■ What to produce
A line-by-line copy of the material below is required.

Records for the task Start Marker

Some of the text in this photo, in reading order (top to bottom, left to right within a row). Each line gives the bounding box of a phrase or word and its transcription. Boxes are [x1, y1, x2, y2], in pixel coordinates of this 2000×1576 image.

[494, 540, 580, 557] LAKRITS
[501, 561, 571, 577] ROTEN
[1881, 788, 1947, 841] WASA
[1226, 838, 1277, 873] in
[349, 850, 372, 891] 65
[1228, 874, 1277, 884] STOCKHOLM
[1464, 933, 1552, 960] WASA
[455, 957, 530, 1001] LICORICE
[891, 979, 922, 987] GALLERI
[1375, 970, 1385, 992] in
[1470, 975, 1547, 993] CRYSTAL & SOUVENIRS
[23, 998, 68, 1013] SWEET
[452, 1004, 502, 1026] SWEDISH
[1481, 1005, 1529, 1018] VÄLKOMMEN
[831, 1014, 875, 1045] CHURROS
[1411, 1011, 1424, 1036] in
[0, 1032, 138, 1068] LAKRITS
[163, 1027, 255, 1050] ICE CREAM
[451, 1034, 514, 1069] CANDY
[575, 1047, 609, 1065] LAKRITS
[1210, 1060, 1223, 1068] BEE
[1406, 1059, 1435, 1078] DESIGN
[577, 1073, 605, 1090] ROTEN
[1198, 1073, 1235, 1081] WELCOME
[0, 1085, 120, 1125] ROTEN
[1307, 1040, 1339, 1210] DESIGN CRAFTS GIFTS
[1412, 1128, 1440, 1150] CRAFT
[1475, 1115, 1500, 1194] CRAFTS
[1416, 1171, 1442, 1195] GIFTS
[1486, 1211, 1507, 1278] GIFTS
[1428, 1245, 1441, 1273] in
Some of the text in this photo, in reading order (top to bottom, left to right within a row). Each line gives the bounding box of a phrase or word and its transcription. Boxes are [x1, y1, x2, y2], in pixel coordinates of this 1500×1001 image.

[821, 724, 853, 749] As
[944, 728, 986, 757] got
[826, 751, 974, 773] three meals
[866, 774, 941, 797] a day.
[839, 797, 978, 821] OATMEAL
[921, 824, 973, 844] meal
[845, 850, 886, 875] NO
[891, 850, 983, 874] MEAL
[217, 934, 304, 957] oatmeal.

Records for the task End Marker

■ Exercise solution
Some of the text in this photo, in reading order (top to bottom, left to right within a row). Each line gives the bounding box of a phrase or word and its transcription. Boxes are [x1, y1, x2, y2], in pixel coordinates of this 2000×1576 image.

[494, 540, 580, 557] LAKRITS
[501, 561, 571, 577] ROTEN
[1881, 788, 1947, 841] WASA
[1226, 838, 1277, 873] in
[349, 850, 372, 891] 65
[1228, 874, 1277, 884] STOCKHOLM
[1464, 933, 1552, 960] WASA
[455, 957, 530, 1001] LICORICE
[891, 979, 922, 987] GALLERI
[1375, 970, 1385, 992] in
[1470, 975, 1547, 993] CRYSTAL & SOUVENIRS
[23, 998, 68, 1013] SWEET
[452, 1004, 502, 1026] SWEDISH
[1481, 1005, 1529, 1018] VÄLKOMMEN
[831, 1014, 875, 1045] CHURROS
[1411, 1011, 1424, 1036] in
[0, 1032, 138, 1068] LAKRITS
[163, 1027, 255, 1050] ICE CREAM
[451, 1034, 514, 1069] CANDY
[575, 1047, 609, 1065] LAKRITS
[1210, 1060, 1223, 1068] BEE
[1406, 1059, 1435, 1078] DESIGN
[577, 1073, 605, 1090] ROTEN
[1198, 1073, 1235, 1081] WELCOME
[0, 1085, 120, 1125] ROTEN
[1307, 1040, 1339, 1210] DESIGN CRAFTS GIFTS
[1412, 1128, 1440, 1150] CRAFT
[1475, 1115, 1500, 1194] CRAFTS
[1416, 1171, 1442, 1195] GIFTS
[1486, 1211, 1507, 1278] GIFTS
[1428, 1245, 1441, 1273] in
Some of the text in this photo, in reading order (top to bottom, left to right within a row). Each line gives the bounding box of a phrase or word and its transcription. Boxes are [x1, y1, x2, y2], in pixel coordinates of this 1500×1001 image.

[821, 724, 853, 749] As
[944, 728, 986, 757] got
[826, 751, 974, 773] three meals
[866, 774, 941, 797] a day.
[839, 797, 978, 821] OATMEAL
[921, 824, 973, 844] meal
[845, 850, 886, 875] NO
[891, 850, 983, 874] MEAL
[217, 934, 304, 957] oatmeal.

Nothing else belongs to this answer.